Now to tell a story about the business. As you know Urmeela was a Methodist. Her elder sister spent most of her life in Nigeria as an educationist and retired to India and died after a few years of coming back. We knew that her end was near and were driving down to Hyderabad from Pune but she died in the evening and we could just see her corpse. The household was in a chaotic condition as no one capable was in charge. Thankfully I took charge and the first thing I had to organise was the funeral. That is when Urmeela finally cut her cord to her religion of birth. The church would not allot a plot for burial as they claimed that Promeela was not a member and had not paid her dues for many years while she was away in Nigeria. They asked for some ridiculous sum of money to allow the body to be buried. I took charge and arranged for her to be cremated much to the chagrin of some of the relatives assembled there. I suggested that they take charge, and pay the dues if they wanted to bury her in the Church cemetery. And that was that.
Having been down this path in the recent past. Cremation is the way to go. The funeral parlor was not real happy when they learned that we just wanted Himself cremated and put in a cardboard urn. (This was his wish) After the cremation we took him up to his favorite place and scattered his ashes on a piece of earth he dearly loved. Still it cost around $1,000 for this simple service.
My mother on the other hand has purchased a plot in another state, with a huge headstone, in a town and state she has never lived in. I told her if it was left to me… I would just prop her up in the passenger seat to get her there… she has made other arrangements. And most likely written me out of her will… for not the first time.
Ramana – Some people manage a simple dignified funeral, while other go right over the top with oneupmanship and expense. If you think back to the funeral for the Princess of Wales and all the cut flowers wasted. I often wonder if it was a florist that came up with the idea in the first place.
Brighid – I like the cardboard urn idea. The older I get, the less fuss I want after I breathe my last. If people cannot make time for me while I am alive, then it would be a waste of time showing up after I have gone.
We have a living will that stipulates cremation. If I correctly understand it, in the U.S., we’re still required to provide a box.
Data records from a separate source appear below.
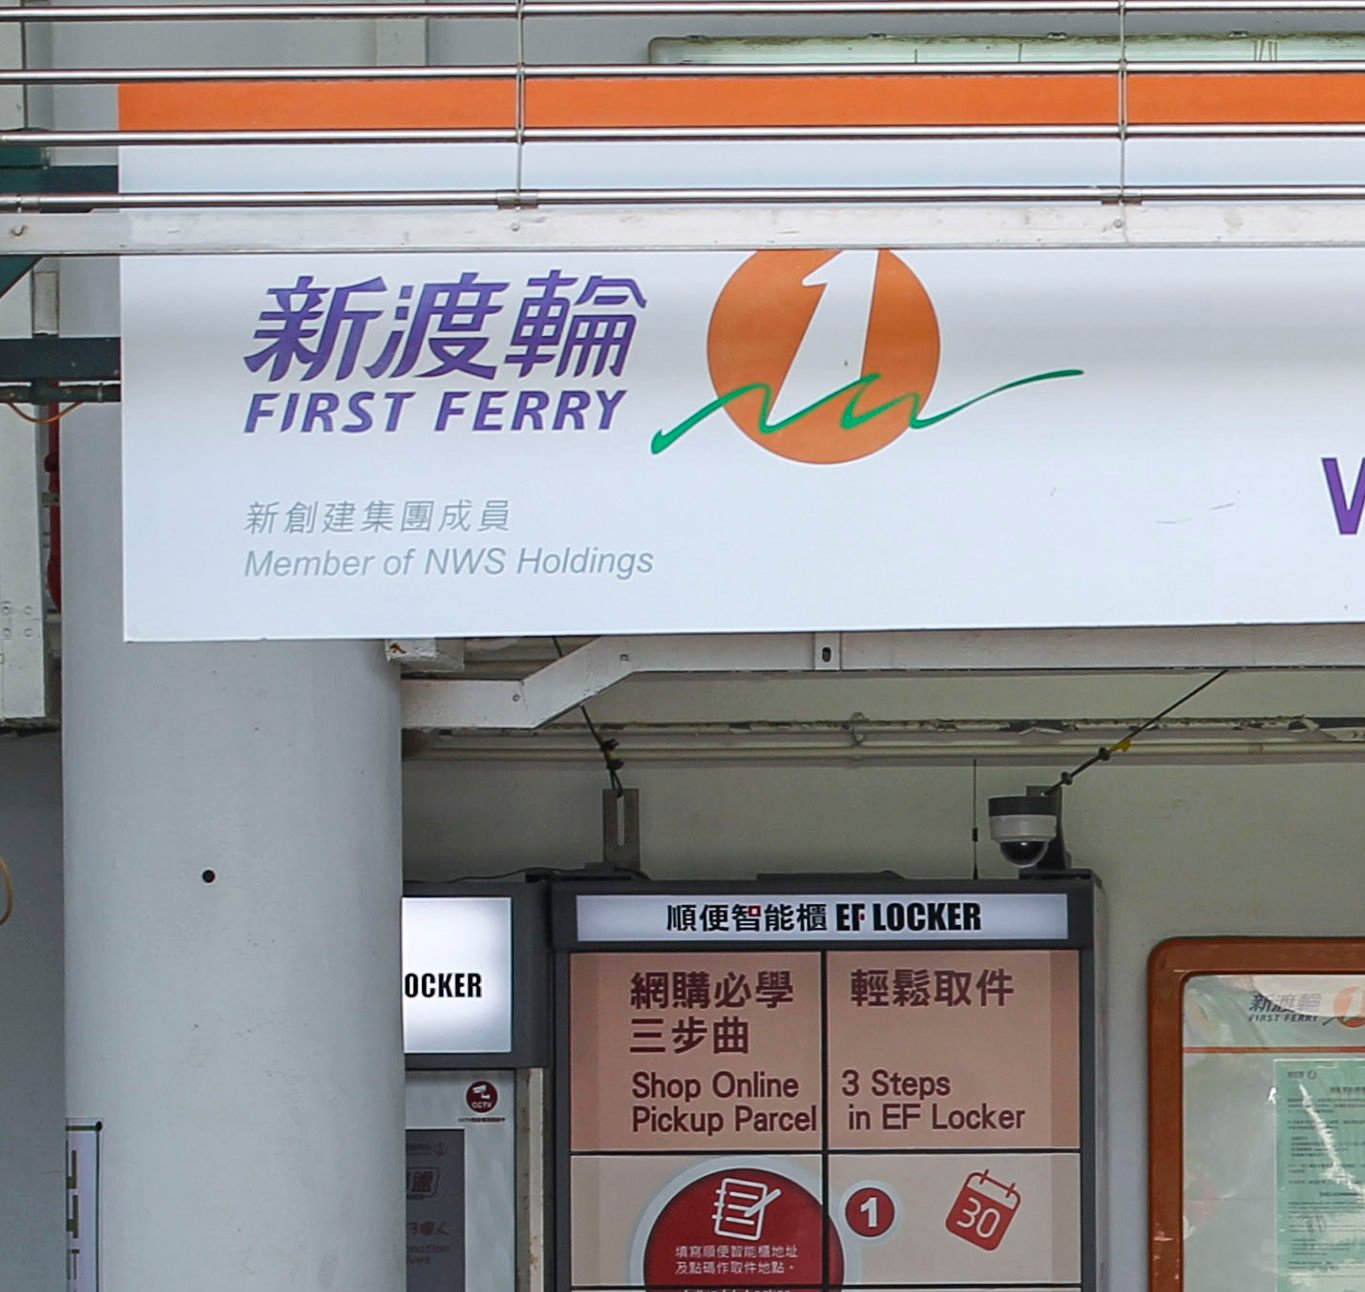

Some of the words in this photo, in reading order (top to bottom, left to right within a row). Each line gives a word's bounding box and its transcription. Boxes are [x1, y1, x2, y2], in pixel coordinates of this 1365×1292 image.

[243, 270, 648, 382] 新渡輪
[244, 391, 416, 433] FIRST
[435, 388, 628, 432] FERRY
[244, 499, 512, 537] 新創建集團成員
[243, 548, 375, 580] Member
[382, 547, 414, 577] of
[425, 547, 507, 577] NWS
[516, 545, 654, 582] Holdings
[667, 904, 827, 932] 順便智能櫃
[836, 904, 865, 931] EF
[872, 902, 983, 931] LOCKER
[630, 971, 794, 1009] 網購必學
[851, 968, 1014, 1007] 輕鬆取件
[630, 1016, 749, 1054] 三步曲
[632, 1071, 701, 1102] Shop
[712, 1071, 799, 1098] Online
[842, 1069, 860, 1096] 3
[871, 1069, 951, 1100] Steps
[632, 1105, 724, 1136] Pickup
[735, 1105, 817, 1131] Parcel
[849, 1103, 871, 1130] in
[882, 1103, 921, 1130] EF
[932, 1103, 1026, 1129] Locker
[859, 1197, 879, 1227] 1
[956, 1199, 1000, 1239] 30
Such a waste if you ask me! Ramana is right…dying is much simpler in India.
I hope writing this post cheered you up!
Alice, I don’t know what state you live in, but here in California, it is not required to have a casket. (Assuming that’s what you meant by box.) I guess it could be a local requirement where you are. Interesting!
Alice – Living wills are becoming quite popular over here too. Do you think that Ramana should emigrate west and start up a ‘Fiery Dip’ business? If he is looking for me, I’ll be hiding behind the couch!!
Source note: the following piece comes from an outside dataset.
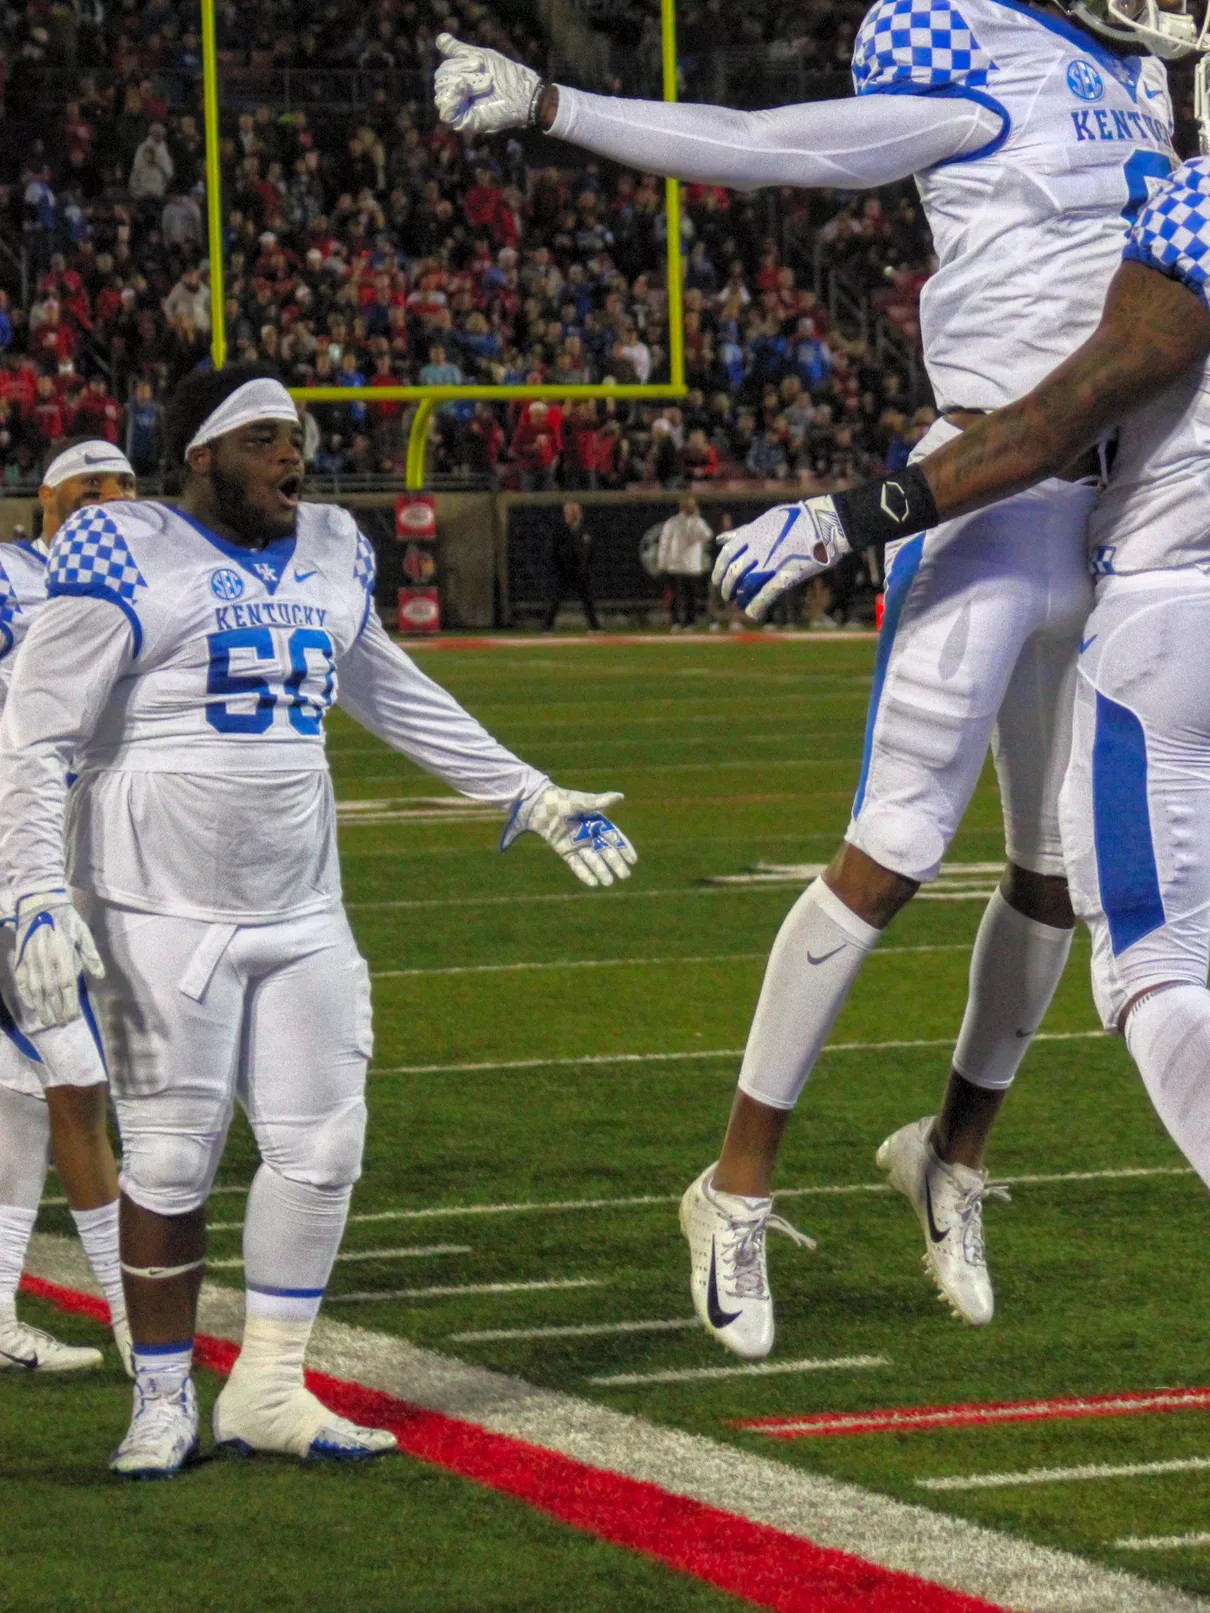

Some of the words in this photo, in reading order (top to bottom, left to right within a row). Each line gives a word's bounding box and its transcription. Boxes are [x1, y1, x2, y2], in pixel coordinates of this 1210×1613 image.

nrhatch – I try to find the fun in everything!
Brighid – I am sure that Alice will be back with an answer.
This Natural Burial Grounds in Southern Ireland is interesting: http://www.greengraveyard.com/prices.html
Having buried four parents between us, we are grateful for the existence of undertakers: they are worth every penny for lifting a huge burden at a time of terrible distress.
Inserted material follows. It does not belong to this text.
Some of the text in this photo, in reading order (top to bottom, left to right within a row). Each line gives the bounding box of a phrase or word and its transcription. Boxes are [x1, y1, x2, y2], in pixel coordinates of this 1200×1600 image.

Tilly – They have their place. I suppose, like everything else, they are a mixed bag.
Tell me about it ! .. I have had to deal with two deaths in my family during the past year.
One tip … I found the “Tell us once” on-line service saved a great deal of time and hassle…. https://www.gov.uk/tell-us-once
Big John – At last we have moved to the 21st century with at website. Pity it was not around when I needed it.